Nesse sentido, a publicização é a garantia de responsabilidade do Estado e da liberdade positiva desses sujeitos?
Liberdade e responsabilidade são dois vetores aí muito bem inseridos; realmente são os dois elementos que devem servir de guias para a presença maior ou menor do Estado. O Estado deve se guiar por uma ética da responsabilidade tendo como limite precisamente o espaço da liberdade do sujeito. Assim, a publicização, de per se, não garante a liberdade, pelo contrário, pode servir ao seu hipertrofiamento. Deve-se, pois, arrostar a complexa tarefa de definir quando e como intervir na Família ao respeito à liberdade positiva dos sujeitos, compondo-se, com isso, à luz do pensamento de Slavoj Zizek, um fenômeno paralático, não passível de simplificações e de reducionismos, que comporta dois lados incompatíveis dentro de um mesmo nível, mas que, justamente por serem dois lados do mesmo fenômeno, nunca poderão se encontrar, embora sejam igualmente fundamentais à adequada tutela do sujeito concreto, do ser humano único, dotado de vicissitudes e inserto em um ambiente familiar próprio.
De certo modo, não haveria o risco de abuso de essa intervenção do Estado também em relação aos grupos vulneráveis? Cito como exemplo a obrigatoriedade de pessoas com mais de 70 anos contraírem matrimônio em regime de separação de bens. Em tese, seria um recurso para proteger os idosos. Mas, na prática, resulta em uma certa invasão da vida privada...

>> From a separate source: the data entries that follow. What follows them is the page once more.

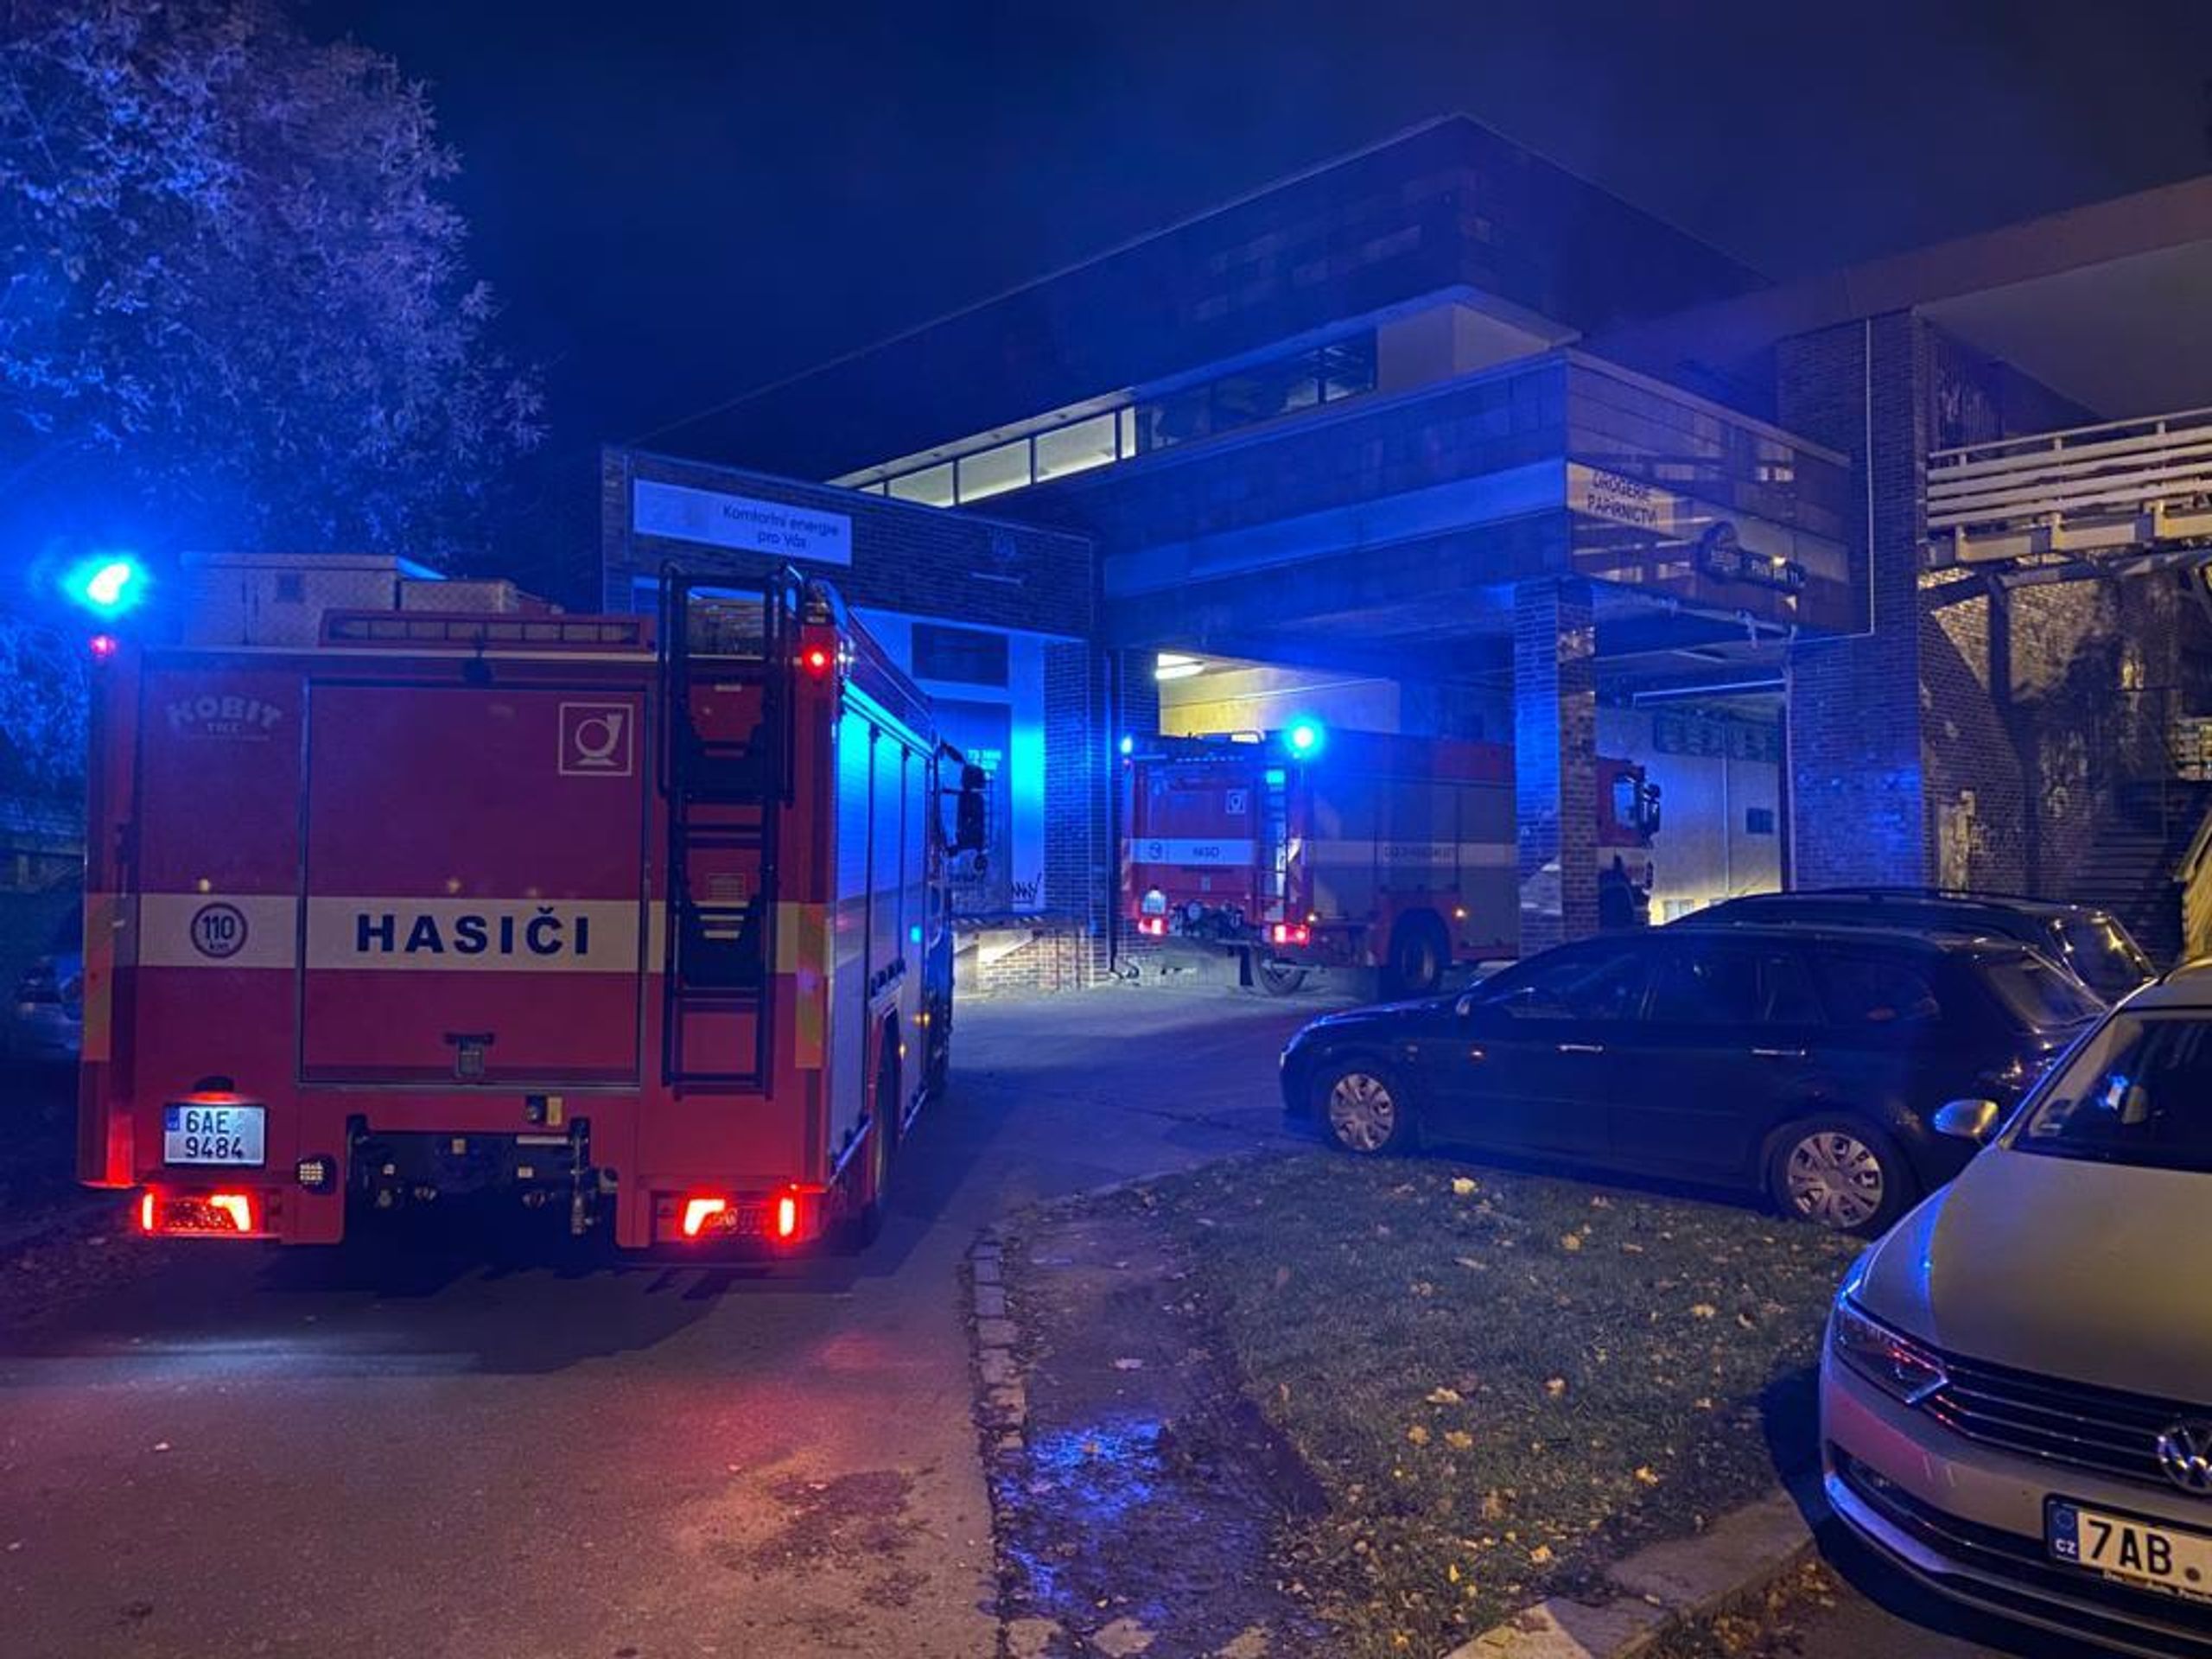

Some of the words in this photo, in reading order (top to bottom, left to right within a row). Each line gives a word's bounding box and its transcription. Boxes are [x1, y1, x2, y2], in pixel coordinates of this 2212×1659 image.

[757, 531, 781, 544] pro
[201, 915, 235, 940] 110
[356, 906, 589, 956] HASIČI
[186, 1110, 231, 1135] 6AE
[185, 1136, 244, 1159] 9484
[2056, 1539, 2077, 1555] CZ
[2088, 1519, 2173, 1576] 7AB

Exagerar na ingestão da dose do remédio não corresponde a invalidar a prescrição médica do tratamento! E é evidente que tal regra representa uma invasão indevida do Estado-legislador, mas devemos olhar esse texto normativo a partir de suas raízes históricas, para compreendê-lo hoje mais injustificável que nunca, ainda que, em momentos pretéritos, emergisse de uma cultura que se projetava com sentido na lei; daí a importância dos princípios constitucionais, que possibilitarão ao jurista, segundo um juízo crítico racional de ponderação, atento à conformação do direito na realidade, averiguar a necessidade ou não de intervenção do Estado nas relações familiares. Eis desafio que afasta reducionismos e simplificações.

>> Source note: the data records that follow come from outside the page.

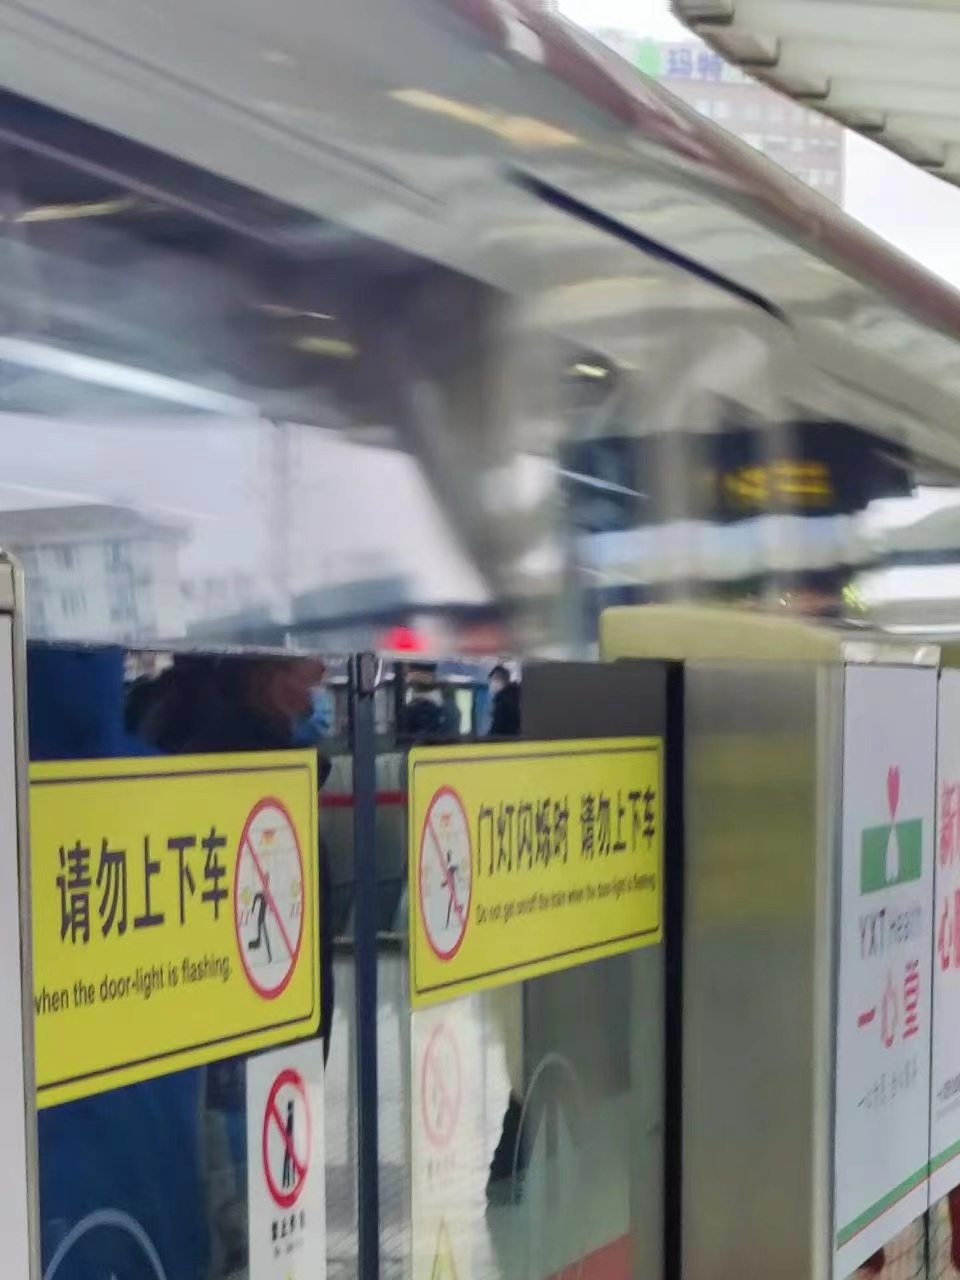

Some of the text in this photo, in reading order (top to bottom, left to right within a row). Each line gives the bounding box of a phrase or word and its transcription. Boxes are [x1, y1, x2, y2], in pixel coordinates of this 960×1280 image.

[580, 784, 656, 861] 请勿上下车
[56, 827, 228, 946] 请勿上下车
[73, 979, 95, 1007] the
[100, 964, 164, 1000] door-light
[168, 961, 178, 987] is
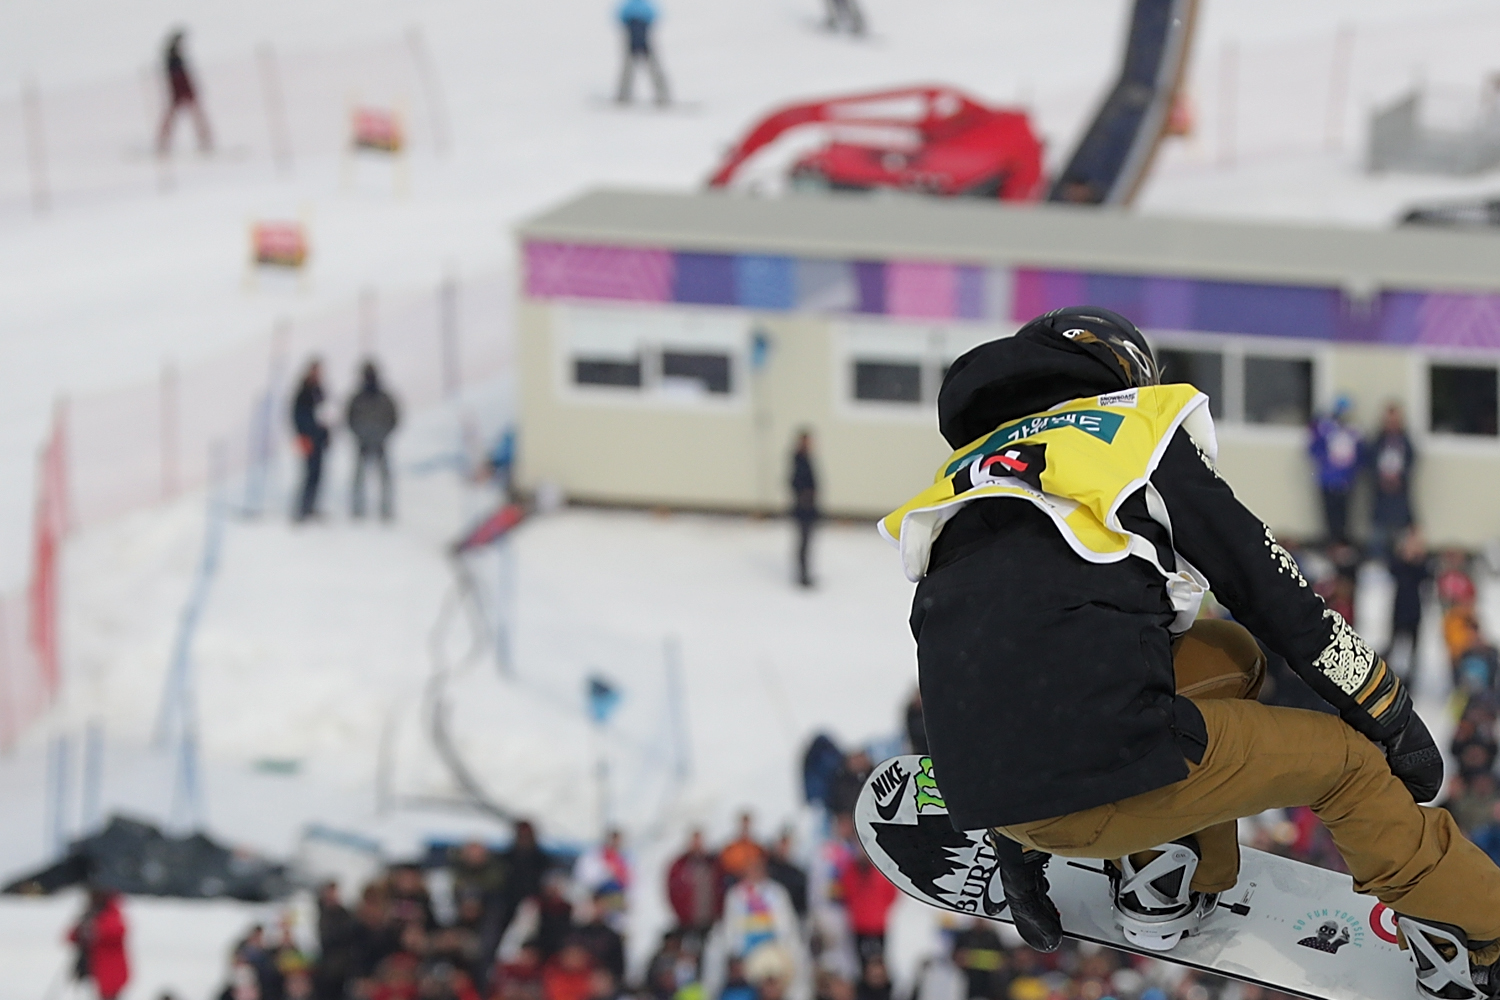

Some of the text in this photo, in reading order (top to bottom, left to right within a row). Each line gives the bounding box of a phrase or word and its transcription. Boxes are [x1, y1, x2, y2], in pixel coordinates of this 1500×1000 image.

Ao mesmo tempo em que a Constituição Federal fundamenta as legislações dedicadas aos grupos vulneráveis, garantindo-lhes a "liberdade positiva", assegura aos não tutelados direitos à privacidade e a liberdades individuais. Seriam, ao mesmo tempo, a Constituição Federal e as legislações dedicadas aos grupos vulneráveis os princípios e normas balizadoras da atuação do Estado em âmbito privado? Seria essa a combinação possível?

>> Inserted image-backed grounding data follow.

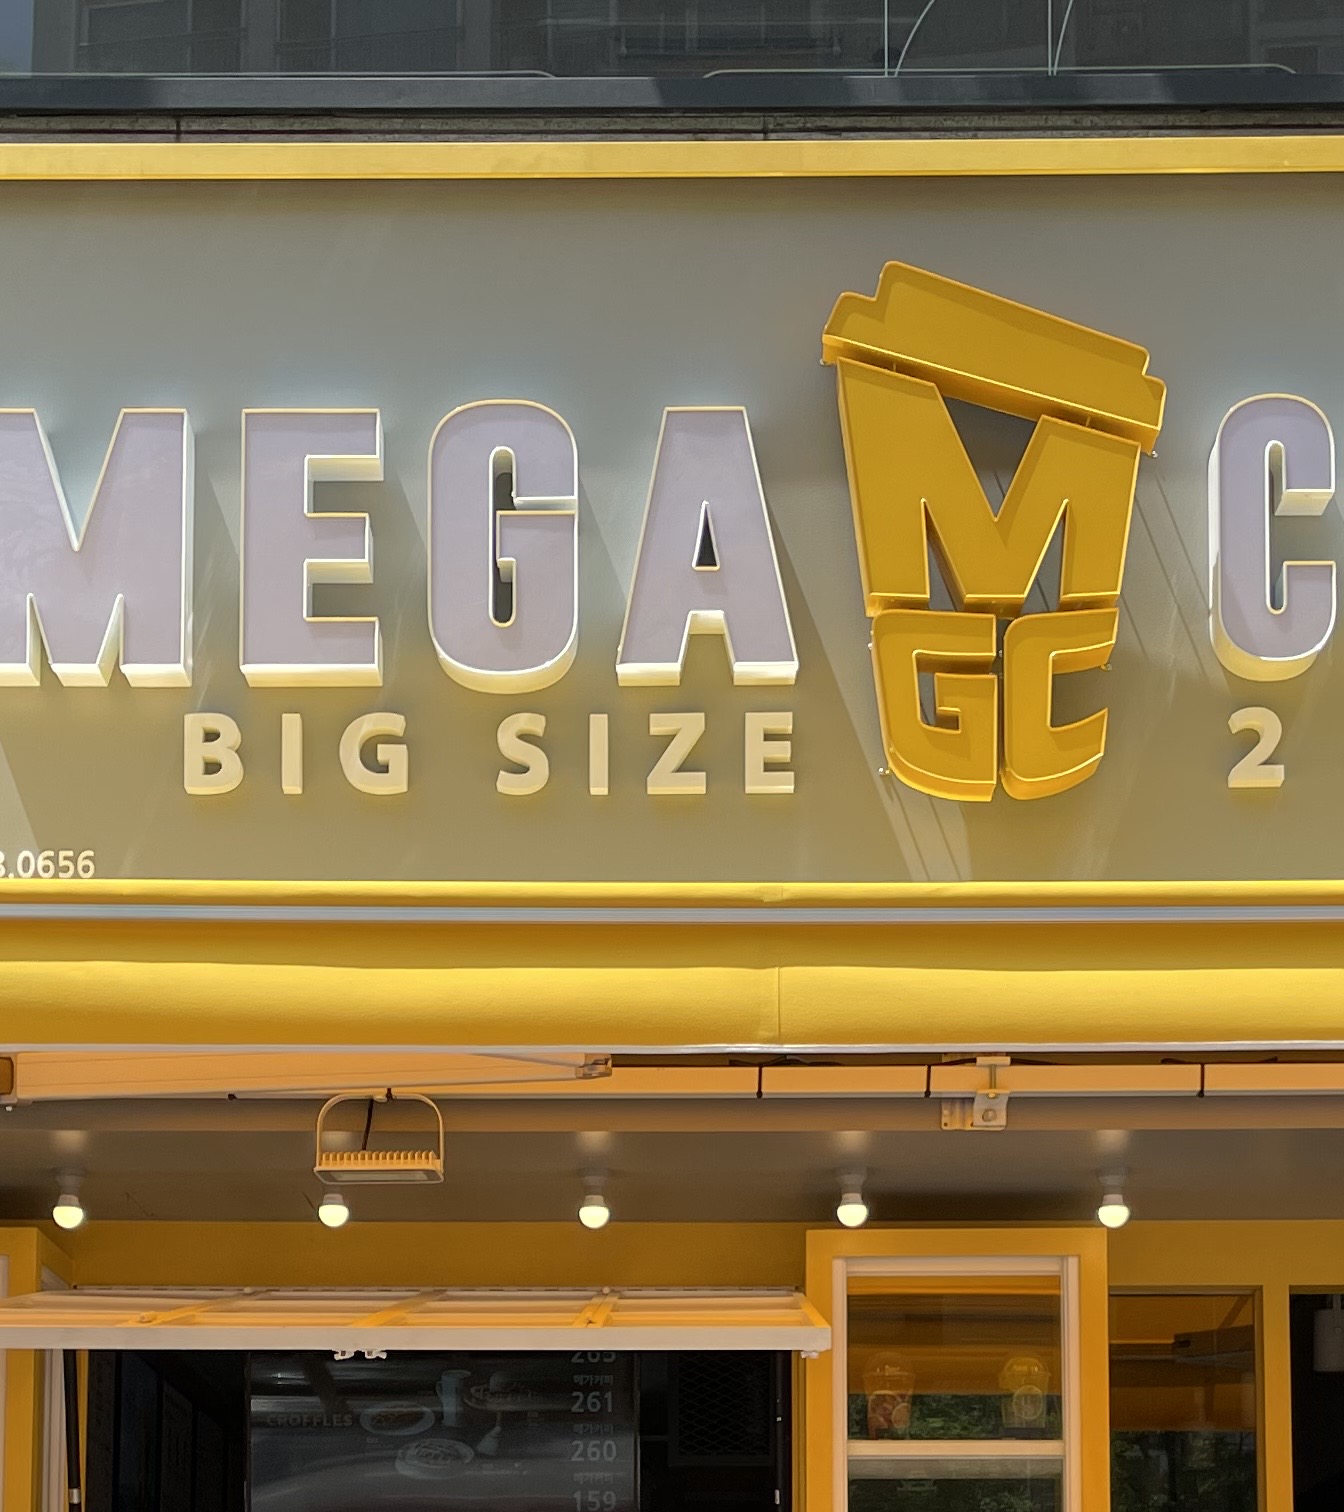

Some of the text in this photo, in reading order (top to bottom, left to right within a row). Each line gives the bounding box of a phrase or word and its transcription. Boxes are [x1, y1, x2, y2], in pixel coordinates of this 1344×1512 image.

[184, 712, 409, 796] BIG
[496, 712, 796, 796] SIZE
[1227, 705, 1287, 789] 2
[571, 1391, 614, 1413] 261
[571, 1440, 618, 1463] 260
[573, 1490, 618, 1512] 159

Sim, sem dúvida. O Estado é regido e limitado pela Constituição. Nada obstante, a Constituição não é apenas o texto normativo. Falo da Constituição real, aquela que emerge da força viva constitucional, da prática da Constituição, e não apenas do texto constitucional. Nesse sentido, mostra-se pertinente e coeva, ainda em nossos dias, a lição alicerçada pelo Professor Konrad Hesse, onde se percebe que,mesmo que o Texto Constitucional não possa, apenas por si, concretizar seu conteúdo programático, pode faticamente impor tarefas. Assim, a Constituição tornar-se-á força ativa na vontade cotidiana de sua construção. Eis que é importante remarcar que, faticamente, uma Constituição não nasceConstituição, mas faz-se Constituição.